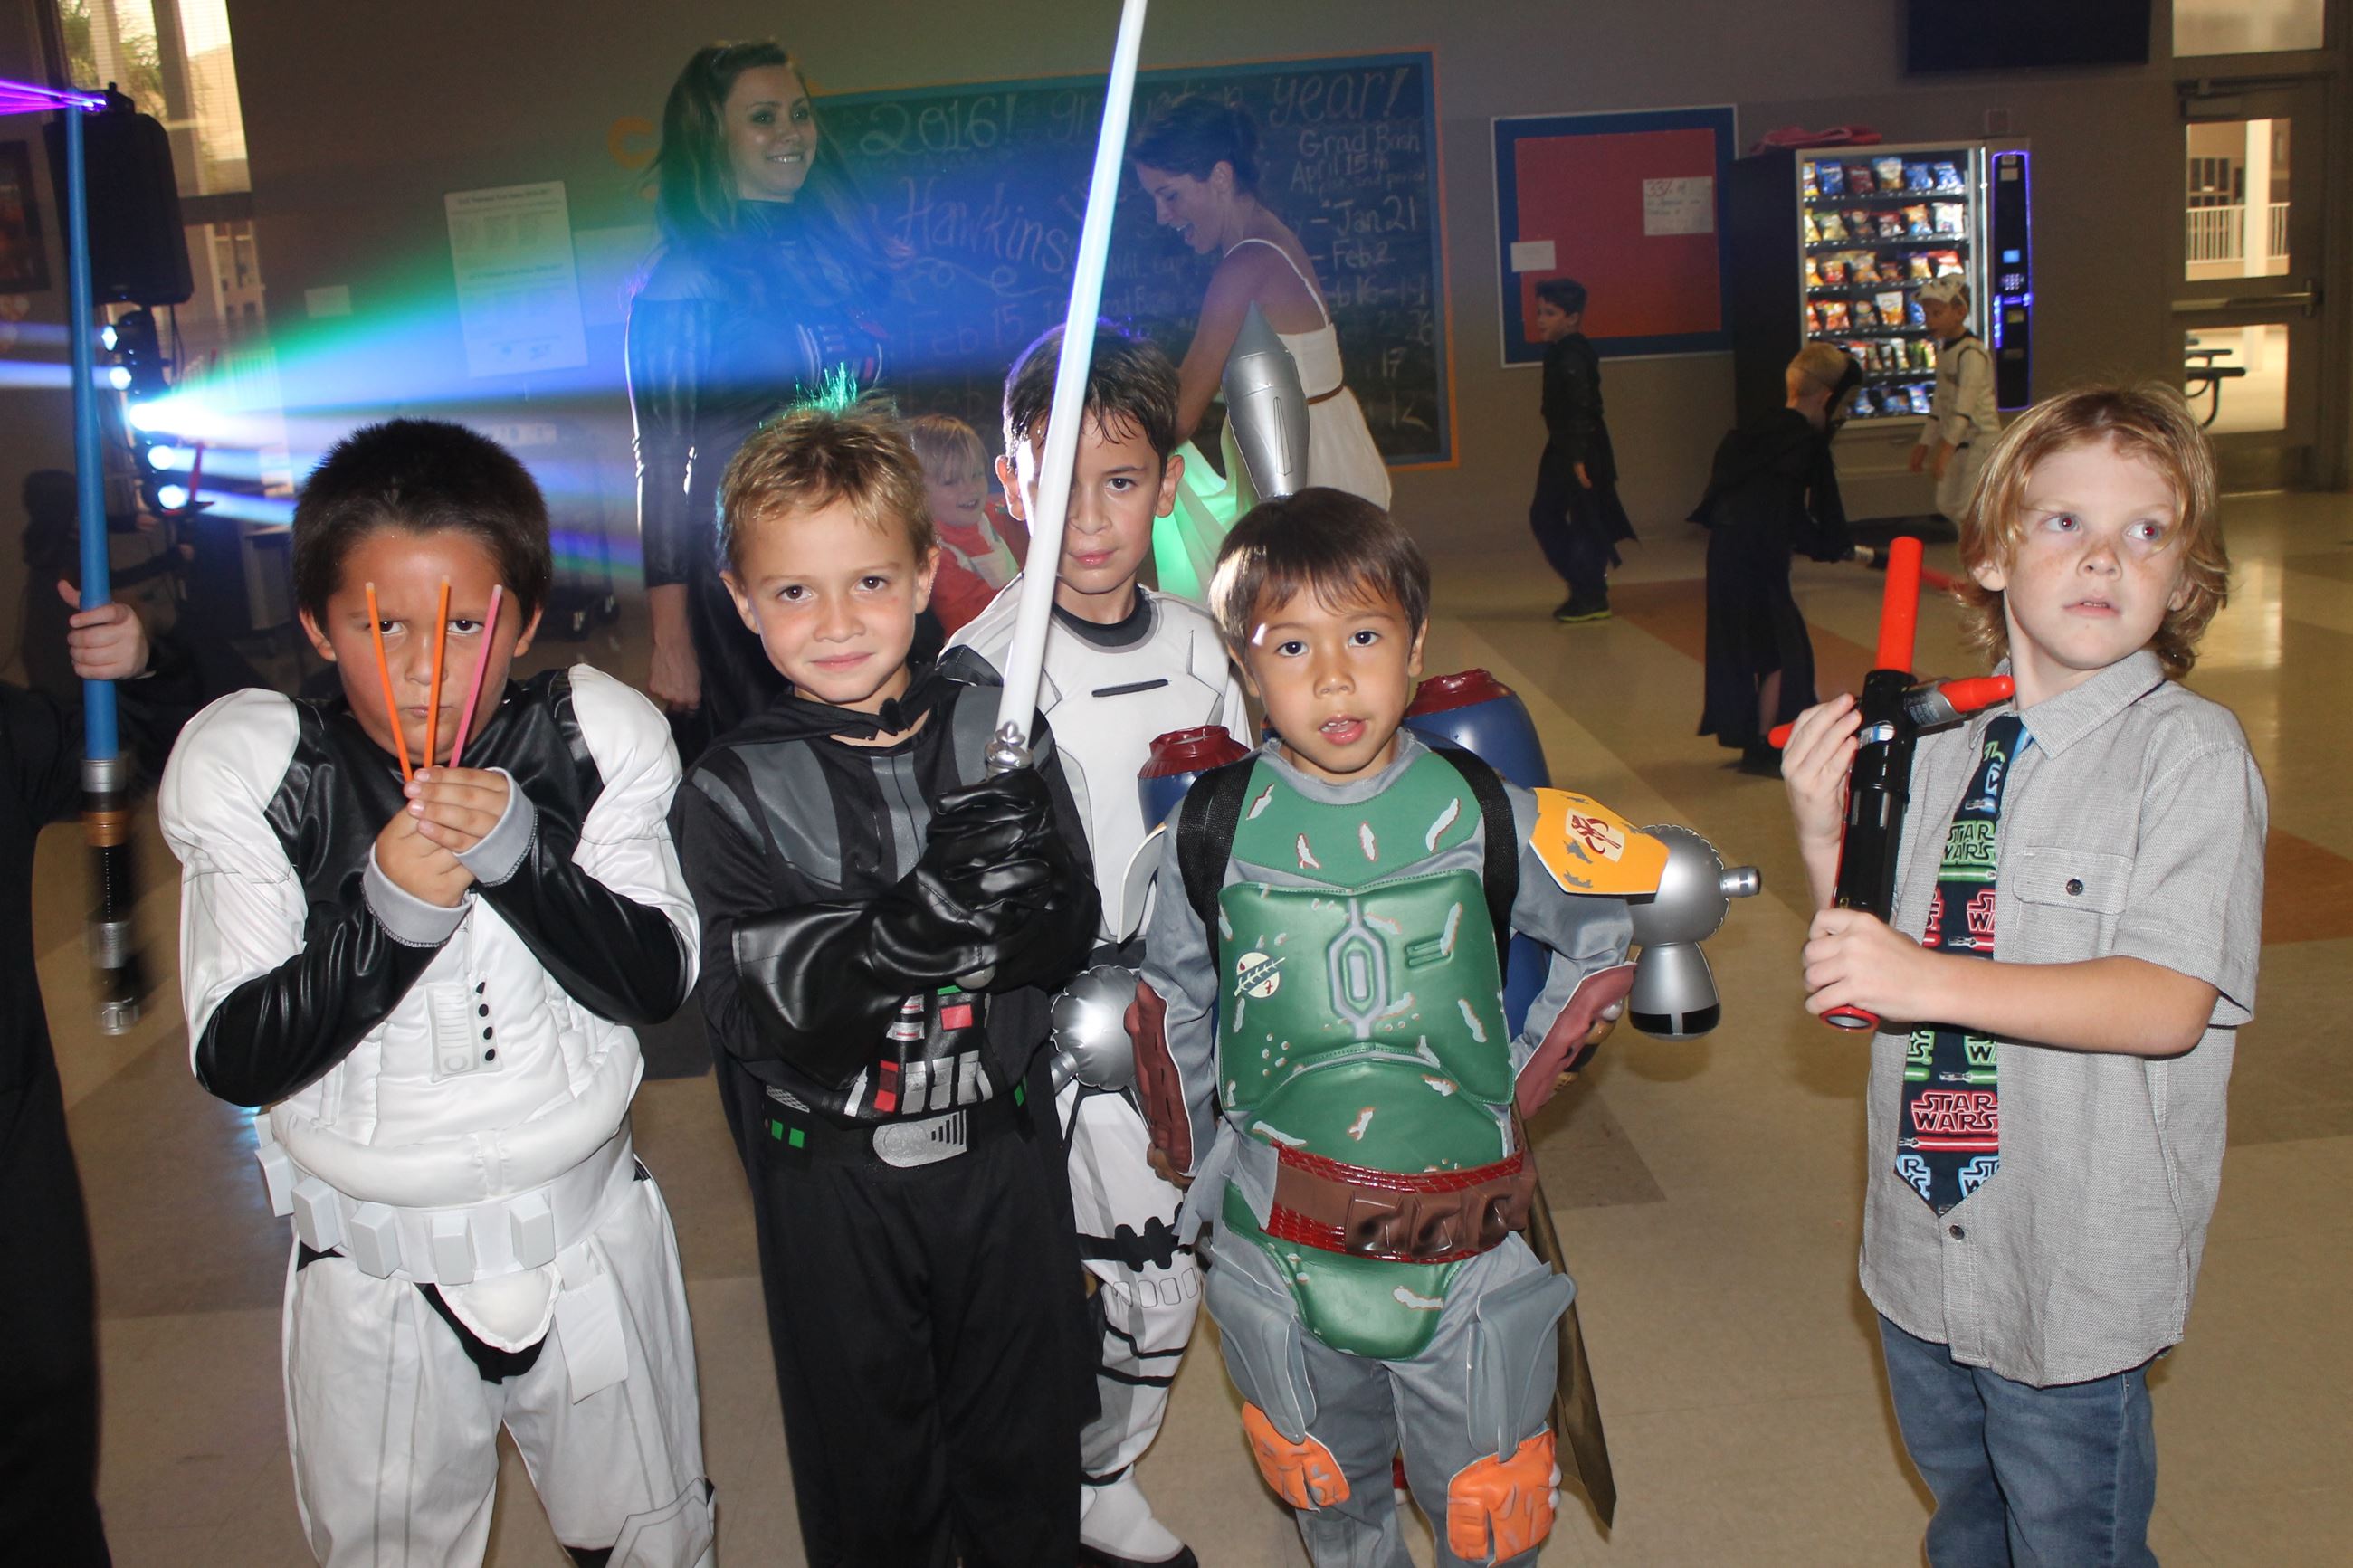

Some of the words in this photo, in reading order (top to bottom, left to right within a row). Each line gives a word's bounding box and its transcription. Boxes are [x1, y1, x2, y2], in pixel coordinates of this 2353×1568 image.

[860, 94, 1017, 156] 2016!
[1269, 68, 1409, 128] year!
[1298, 124, 1367, 157] Grad
[1289, 152, 1340, 194] April
[895, 176, 1067, 272] Hawkins
[1332, 198, 1383, 237] Jan
[1946, 822, 1995, 841] STAR
[1911, 1093, 1998, 1112] STAR
[1911, 1112, 1998, 1131] WARS
****
PROBLEM STATEMENT: Without the pictures, restate all of the entries word for word.

ANSWER SECTION:
Some of the words in this photo, in reading order (top to bottom, left to right within a row). Each line gives a word's bounding box and its transcription. Boxes are [x1, y1, x2, y2], in pixel coordinates of this 2353×1568 image.

[860, 94, 1017, 156] 2016!
[1269, 68, 1409, 128] year!
[1298, 124, 1367, 157] Grad
[1289, 152, 1340, 194] April
[895, 176, 1067, 272] Hawkins
[1332, 198, 1383, 237] Jan
[1946, 822, 1995, 841] STAR
[1911, 1093, 1998, 1112] STAR
[1911, 1112, 1998, 1131] WARS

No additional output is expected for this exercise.